Herpes-Transmission Suit Fizzles in Florida


     (CN) – After an arduous trial that involved descriptions of “genital ailments” and other intimidate details, a Florida woman with herpes failed to pin the blame on her ex.
     Monica Lopez met John Clarke after breaking up with her live-in boyfriend in late 2004. She moved in with Clarke in February 2005.
     That month Lopez suffered an outbreak of genital herpes, and Clarke had a similar affliction a few months later.

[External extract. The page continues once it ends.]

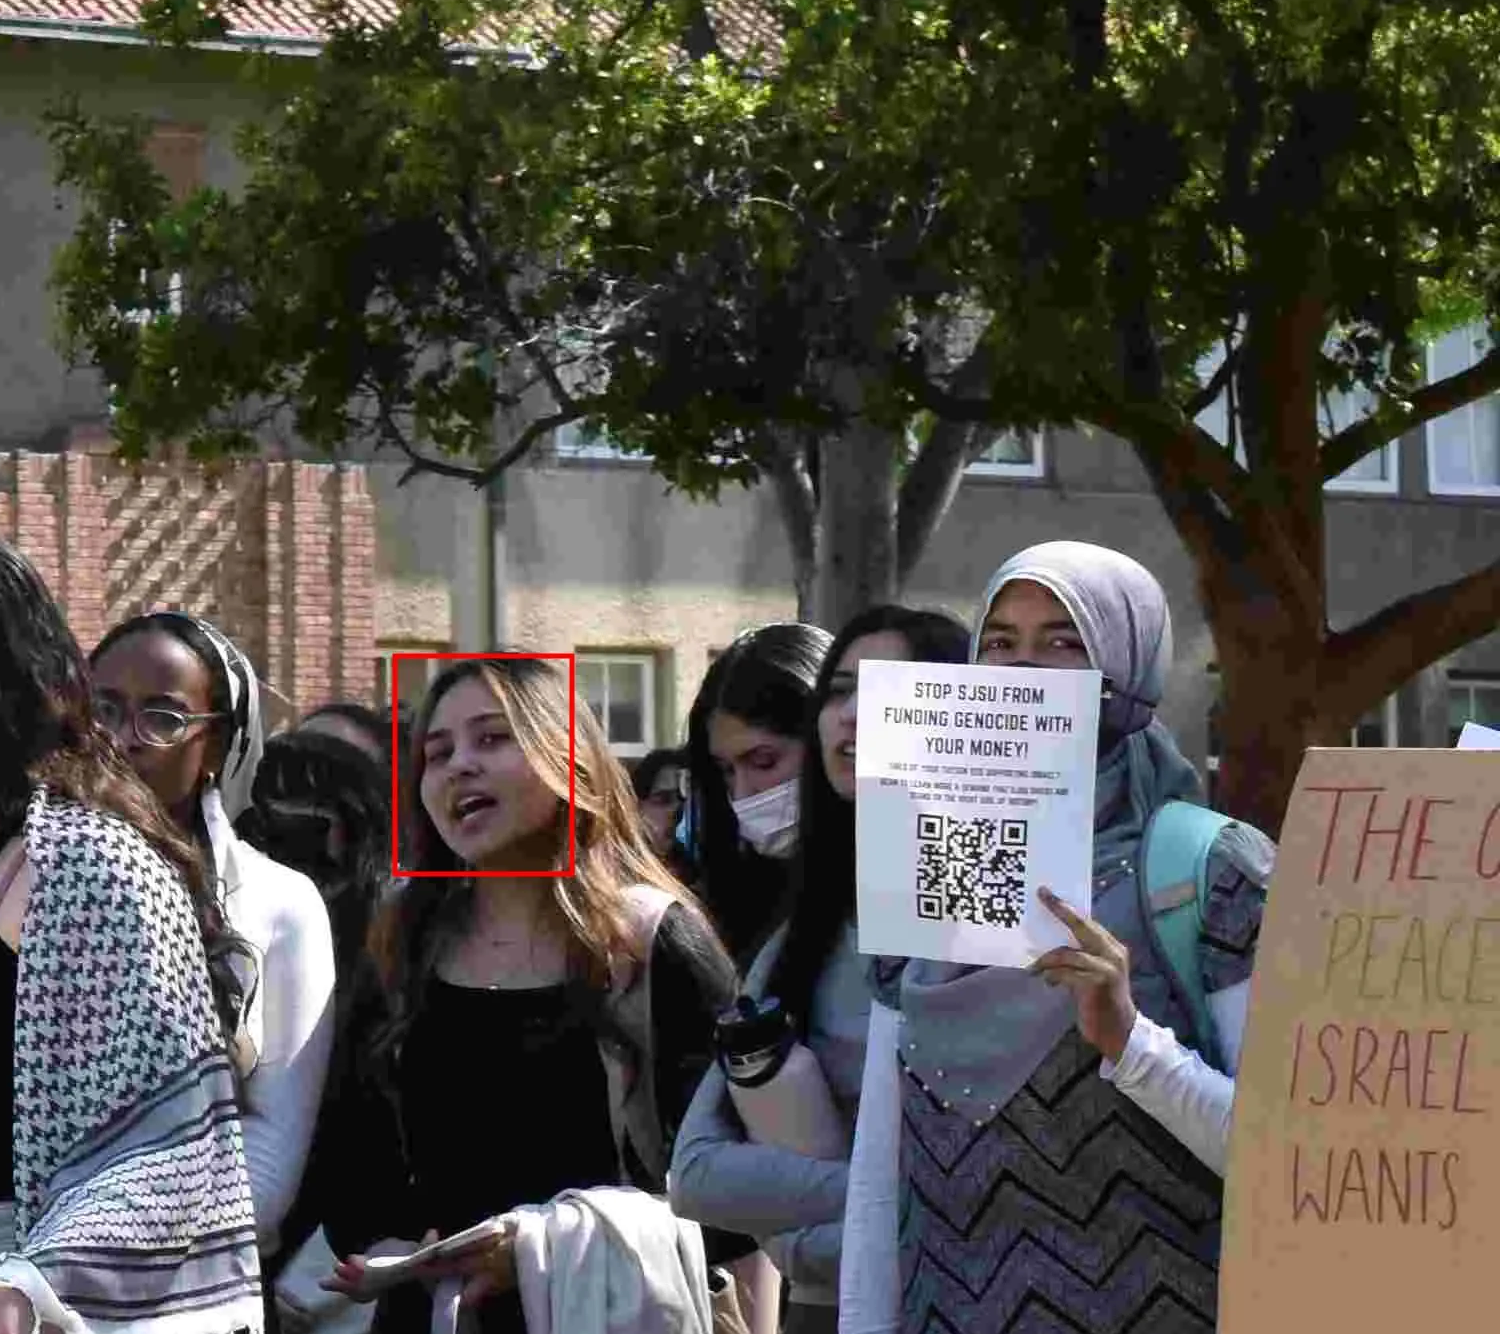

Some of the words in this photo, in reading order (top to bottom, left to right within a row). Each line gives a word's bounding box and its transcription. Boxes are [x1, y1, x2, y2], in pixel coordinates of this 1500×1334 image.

     Both denied that they had herpes before they started dating, and both claimed that they were faithful to each other. Indeed tests that Clarke had recently undergone came back negative for various sexually transmitted diseases, including herpes.
     Lopez sued Clarke for negligence, battery and fraudulent concealment, asking for more than $2.2 million. She claimed that she was afflicted with about six herpes outbreaks per year, each lasting five or six days.
     A Palm Beach County jury sided with Lopez on the fraud claim only, awarding her $12,500.
     Calling that trial “an ordeal” involving intimate details about the “sex lives, medical visits, and genital ailments” of both parties, the Fourth District Court of Appeals reversed on April 1.
     The jury had been asked to determine whether Clarke was infected with herpes before meeting Lopez; whether he knew of the infection and failed to warn Lopez; and whether the failure caused Lopez to contract herpes.
     For the appellate panel in West Palm Beach, it was clear that Clarke deserved a directed verdict on the fraud claim.
     “Before starting his sexual relationship with Lopez, in the very same month, Clarke consulted a urologist, was tested, and obtained what he reasonably believed was a clean bill of health,” Judge Robert Gross wrote for a three-person panel. “As a matter of law, he lacked the requisite state of mind for both fraudulent concealment and battery.”